Apart from the images, reproduce all of the data word for word.
*** Block opens ***
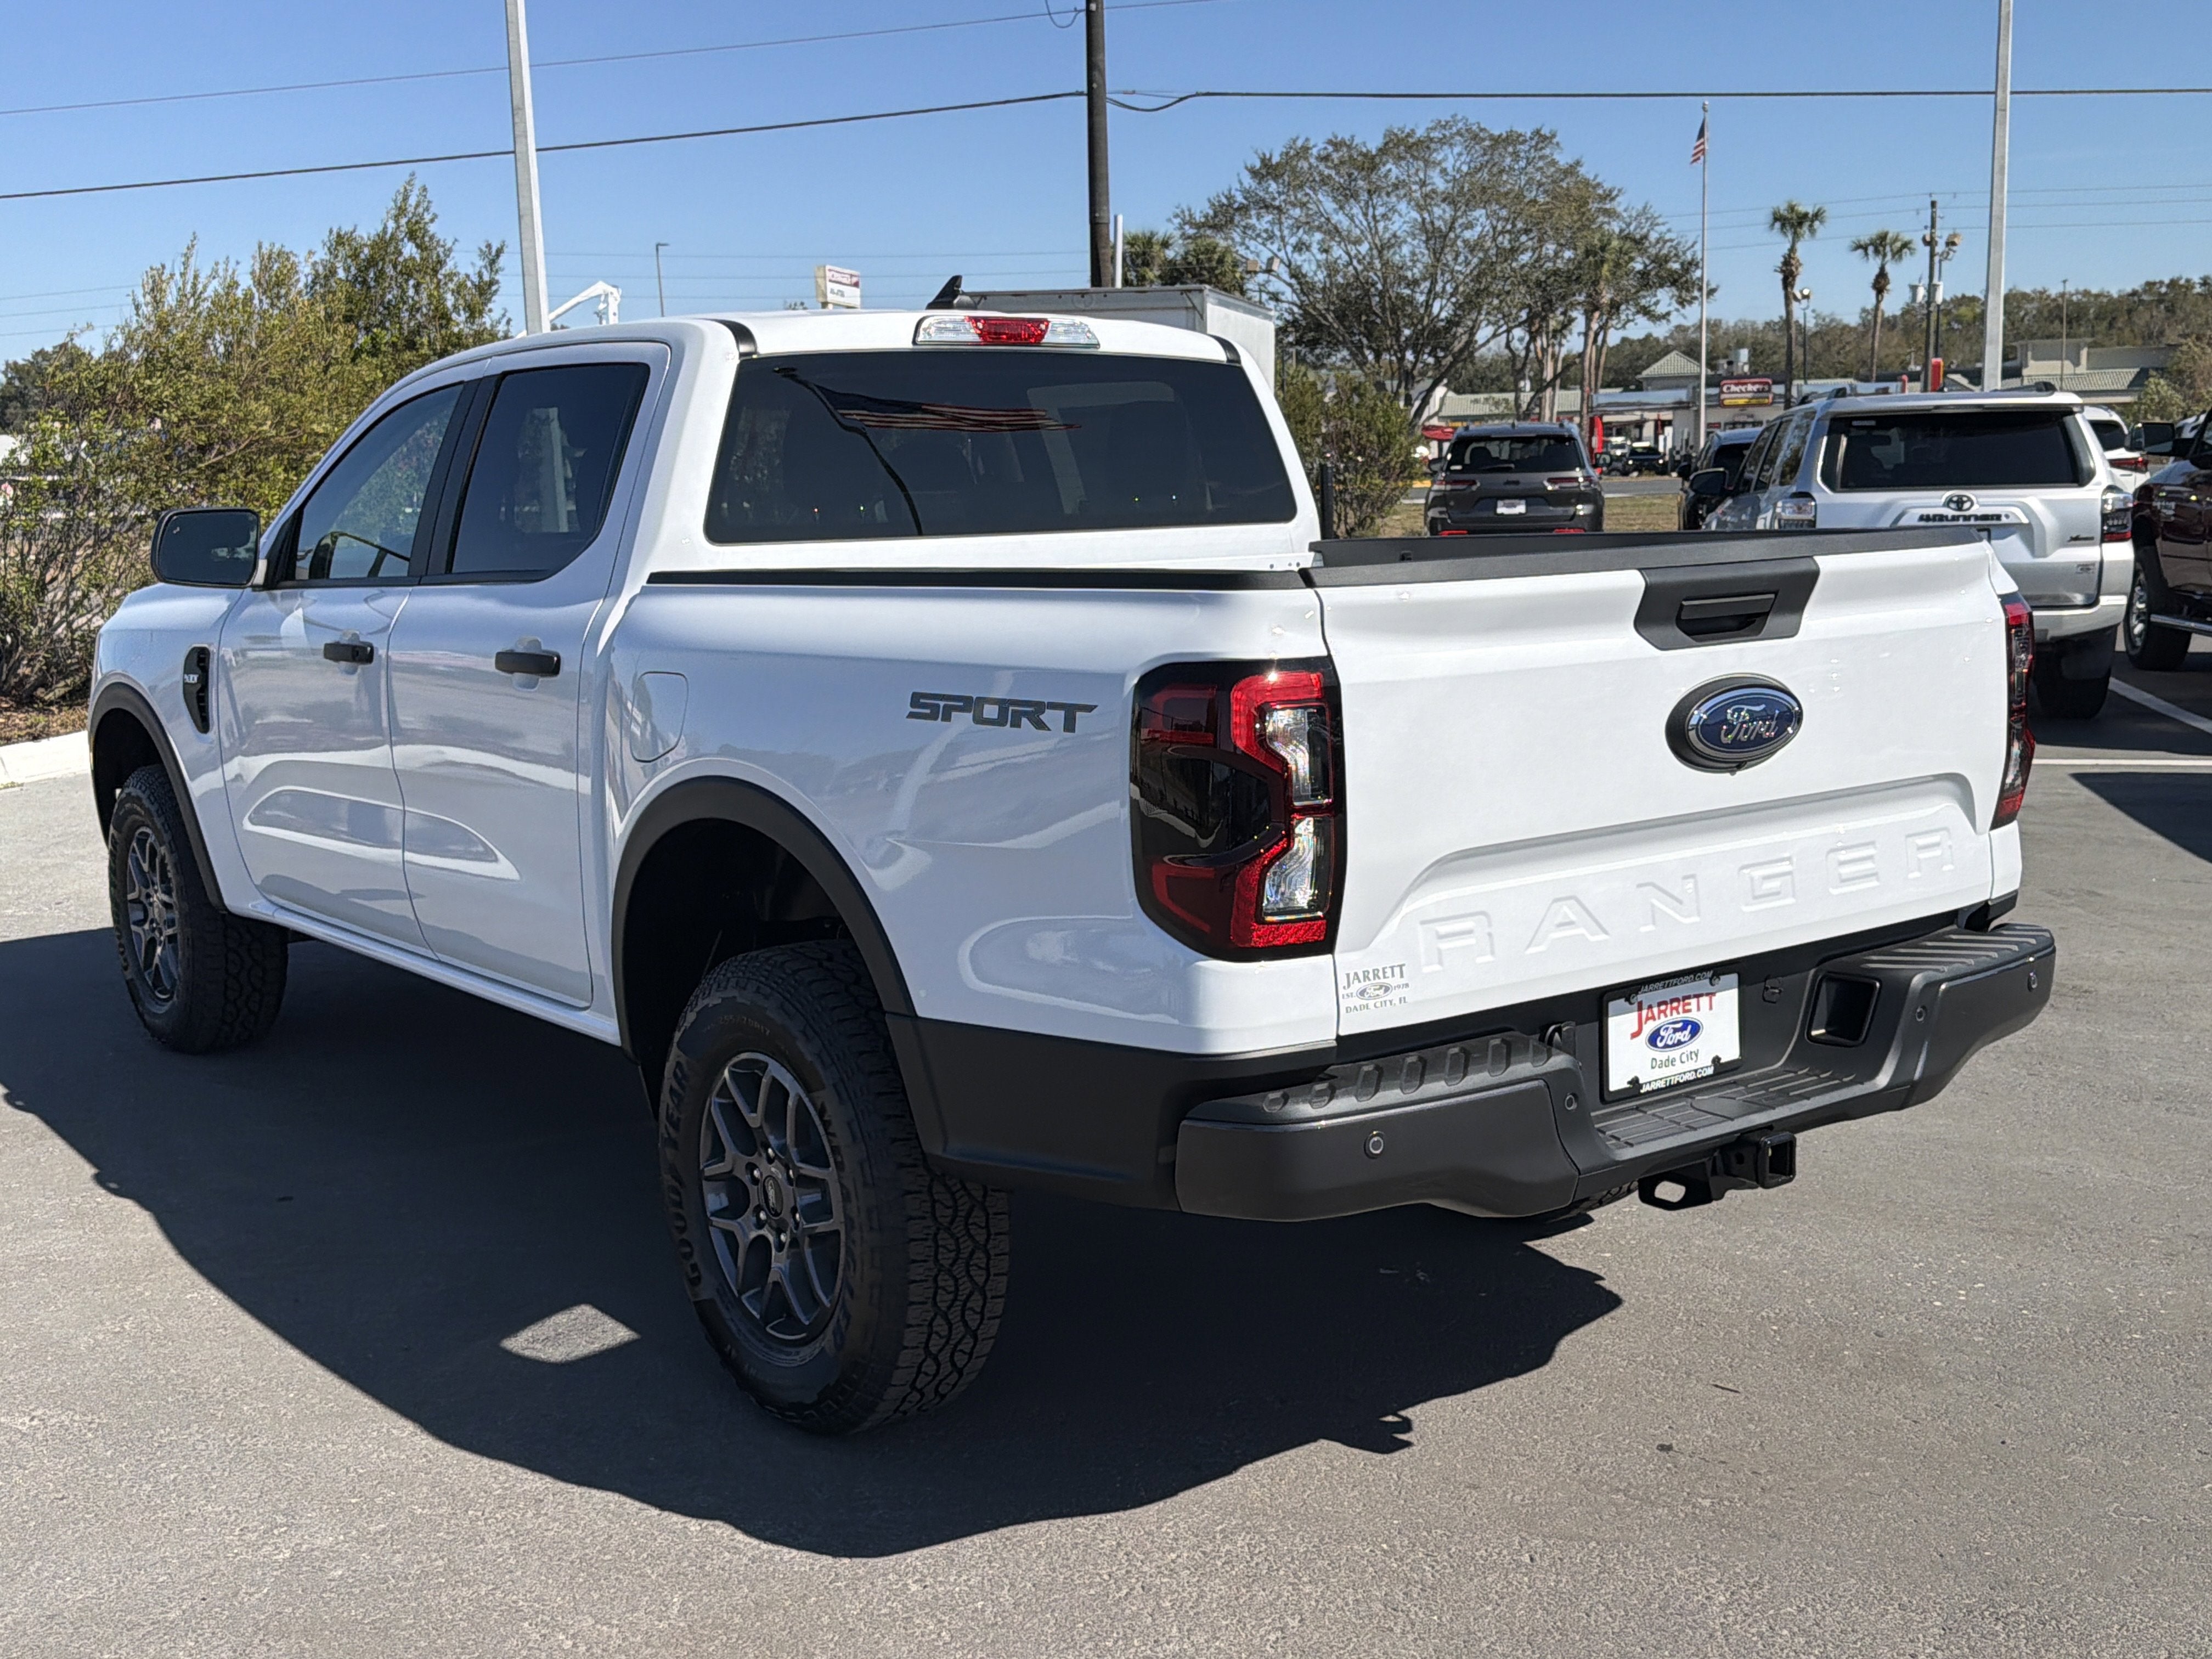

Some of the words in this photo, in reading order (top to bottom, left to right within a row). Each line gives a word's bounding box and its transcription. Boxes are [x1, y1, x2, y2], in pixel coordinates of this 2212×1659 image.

[906, 691, 1098, 733] SPORT
[1419, 827, 1954, 973] RANGER
[1342, 963, 1406, 990] JARRETT
[1345, 1003, 1370, 1014] DADE
[1630, 992, 1716, 1040] JARRETT
[1656, 1022, 1691, 1047] Ford
[1650, 1056, 1677, 1070] Dade
[1679, 1048, 1699, 1064] City
[1640, 1065, 1714, 1093] JARRETTFORD.COM
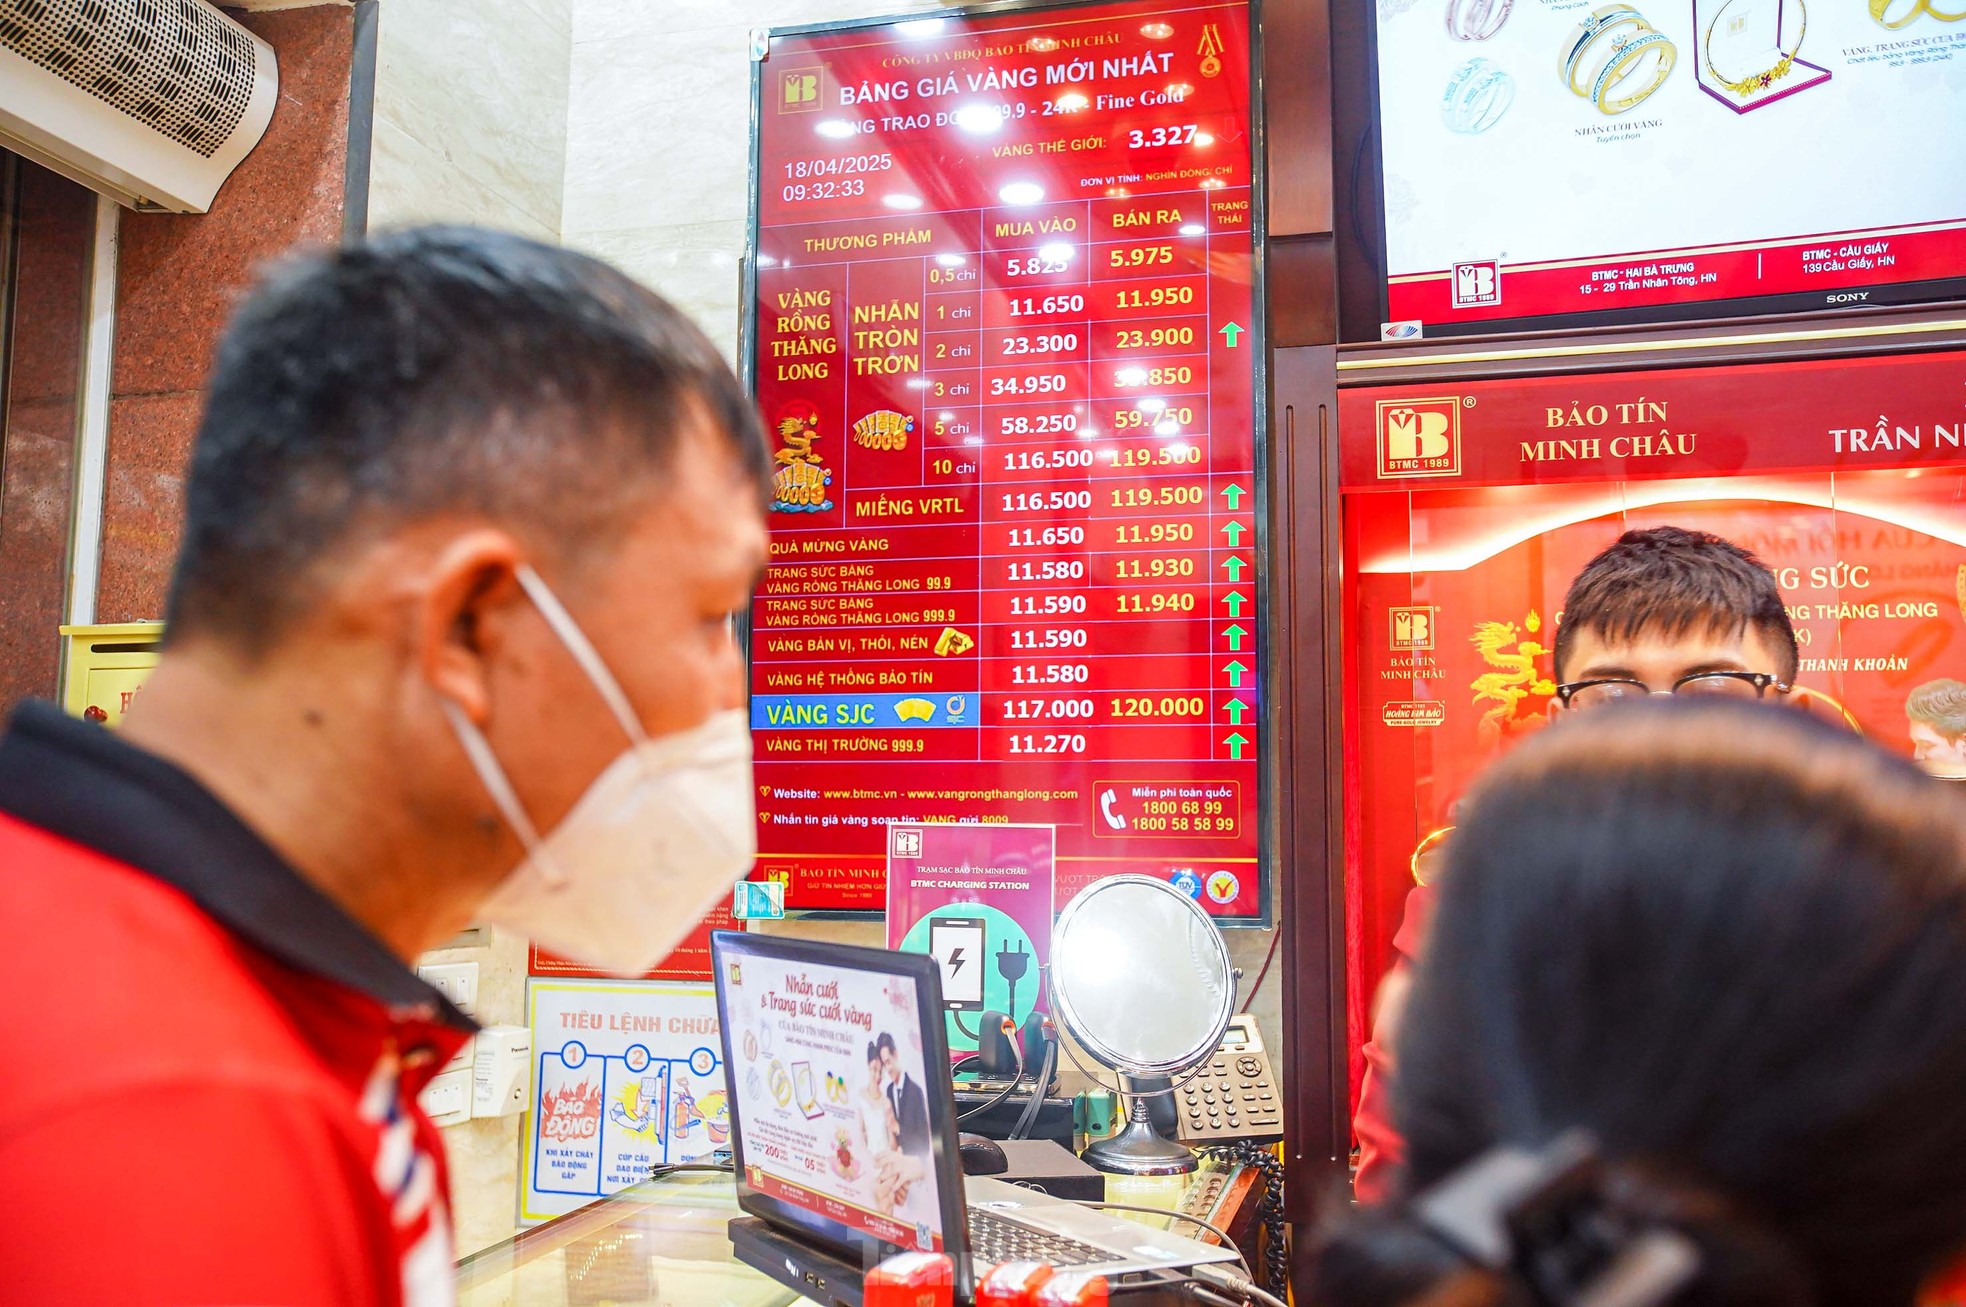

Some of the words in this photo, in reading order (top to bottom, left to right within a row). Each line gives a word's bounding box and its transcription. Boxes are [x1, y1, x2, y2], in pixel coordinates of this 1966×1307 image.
*** Block closes ***
THE ANSWER:
Some of the words in this photo, in reading order (top to bottom, left to right within a row). Each line gives a word's bounding box and its transcription. Boxes are [x1, y1, x2, y2], in pixel coordinates of this 2212×1659 image.

[906, 691, 1098, 733] SPORT
[1419, 827, 1954, 973] RANGER
[1342, 963, 1406, 990] JARRETT
[1345, 1003, 1370, 1014] DADE
[1630, 992, 1716, 1040] JARRETT
[1656, 1022, 1691, 1047] Ford
[1650, 1056, 1677, 1070] Dade
[1679, 1048, 1699, 1064] City
[1640, 1065, 1714, 1093] JARRETTFORD.COM

Some of the words in this photo, in reading order (top to bottom, left to right within a row). Each line gives a word's bounding box and its transcription. Boxes are [x1, y1, x2, y2], in pixel coordinates of this 1966×1307 image.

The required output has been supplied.